In future we have to set out a credible political alternative to what is being offered by the SNP. But I believe the real challenge which faces us is to change the terms of the debate in Scotland. Both Labour and the Tories have responded to the election by seeking to create more autonomous parties. This is the right thing to do, but we need to realise that if the next election is all about which party is most distinctively Scottish, who is most parochial in their political approach, then we will not win. The SNP have that territory sewn up. So we need to frame a different debate about what Government at Holyrood should do to create the Scotland we want to live in. Beyond independence, the SNP’s ‘vision’ of Scotland’s future is incoherent. When they talk about fiscal autonomy, as evidenced by their plans on Corporation Tax, they are describing a Scotland where business taxes are low but social investment is high – a traditional ‘Scandinavian’ approach to public spending but with Reaganite low taxes. Of course this simply doesn’t work, and their arguments for lowering Corporation Tax have unravelled on this basis. They have postured as being a social democratic party, but succeeded in getting Tory businessmen like David Murray to support them because of their support of a right-wing economic model in an independent Scotland. Far from protecting public services their recent Spending Review has put a sword to them. At a time of rising youth unemployment they have slashed funding for Further Education. They are freezing the council tax, awarding Local Government a settlement which is a real terms cut of over £700 million over the Spending Review period, while at the same time instructing councils to meet the SNP’s election pledges. The result will be huge cuts to local services, particularly in education and social work.
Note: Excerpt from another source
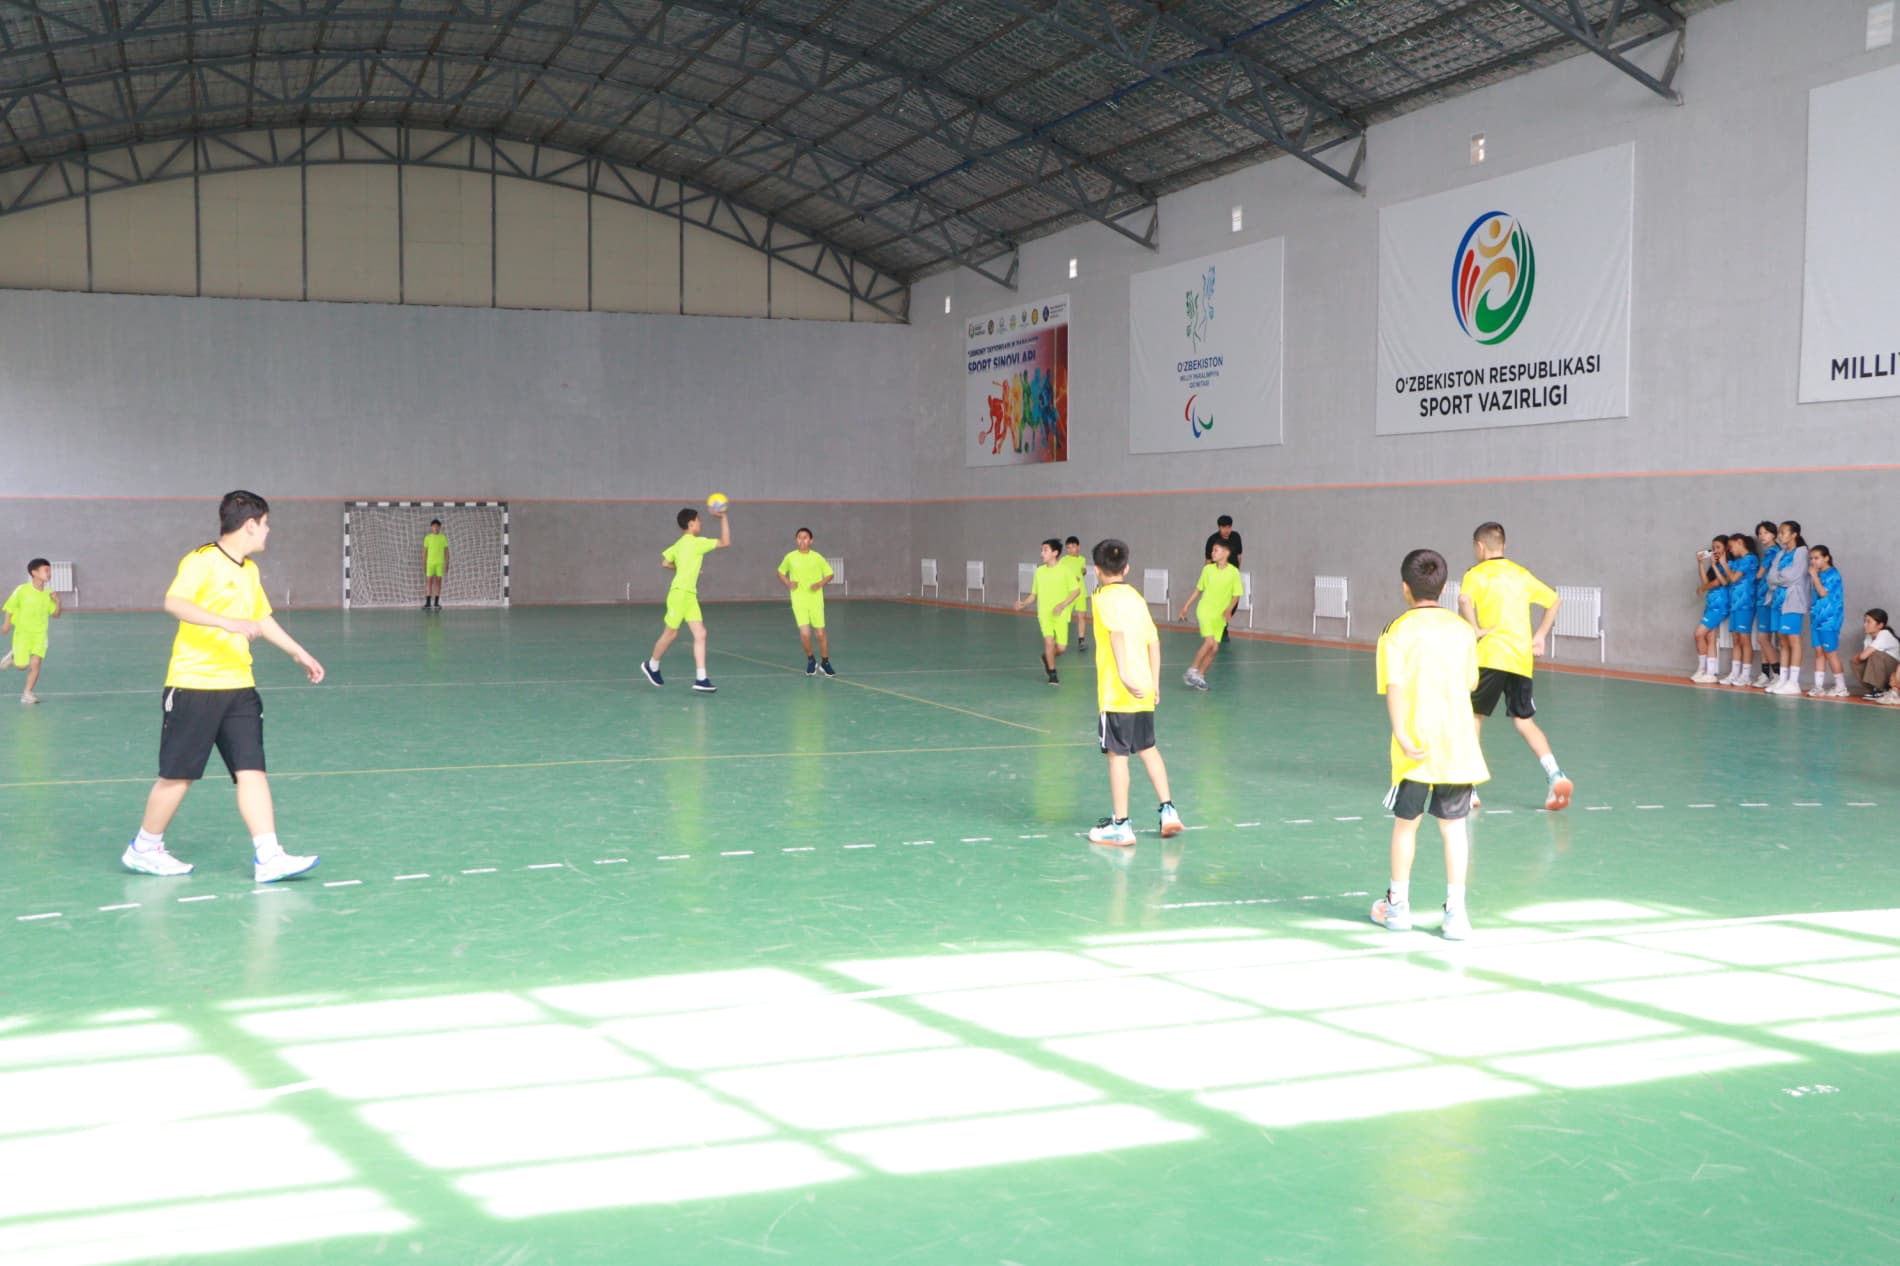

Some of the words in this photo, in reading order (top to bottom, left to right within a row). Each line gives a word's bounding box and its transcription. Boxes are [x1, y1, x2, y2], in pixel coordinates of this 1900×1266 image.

This is not sustainable and I hope the candidates for leadership will accept that it is not. We should be clear we will take a different approach. Yes we pledged a council tax freeze next year and so we should stand by that. But after 2013 central government should not impose a freeze on local authorities. With the gap increasing between funding for council services and the demands placed on, this is an increasingly regressive policy. It leaves our elderly paying high charges in sheltered housing, our disabled people receiving less care, and hits educational provision for our children. It is damaging socially and economically. The council tax freeze is now clearly saving far more money for those who can afford to pay more than those who can’t, many of whom receive council tax benefit anyway. When I hear SNP politicians defending the freeze for the wealthy they sound like Tories defending the poll tax in the eighties. No-one likes paying more taxes but we should make the case everyone is paying for this freeze through the withdrawal of local services or extra charging for them, be it car parking or use of sports facilities. Yes, let us reform local taxation. Let us make it more progressive, let us ensure those on lower incomes get a better deal. We should continue to oppose a local income tax, but other changes should be considered. What is clear is that a five year council tax freeze is wrong.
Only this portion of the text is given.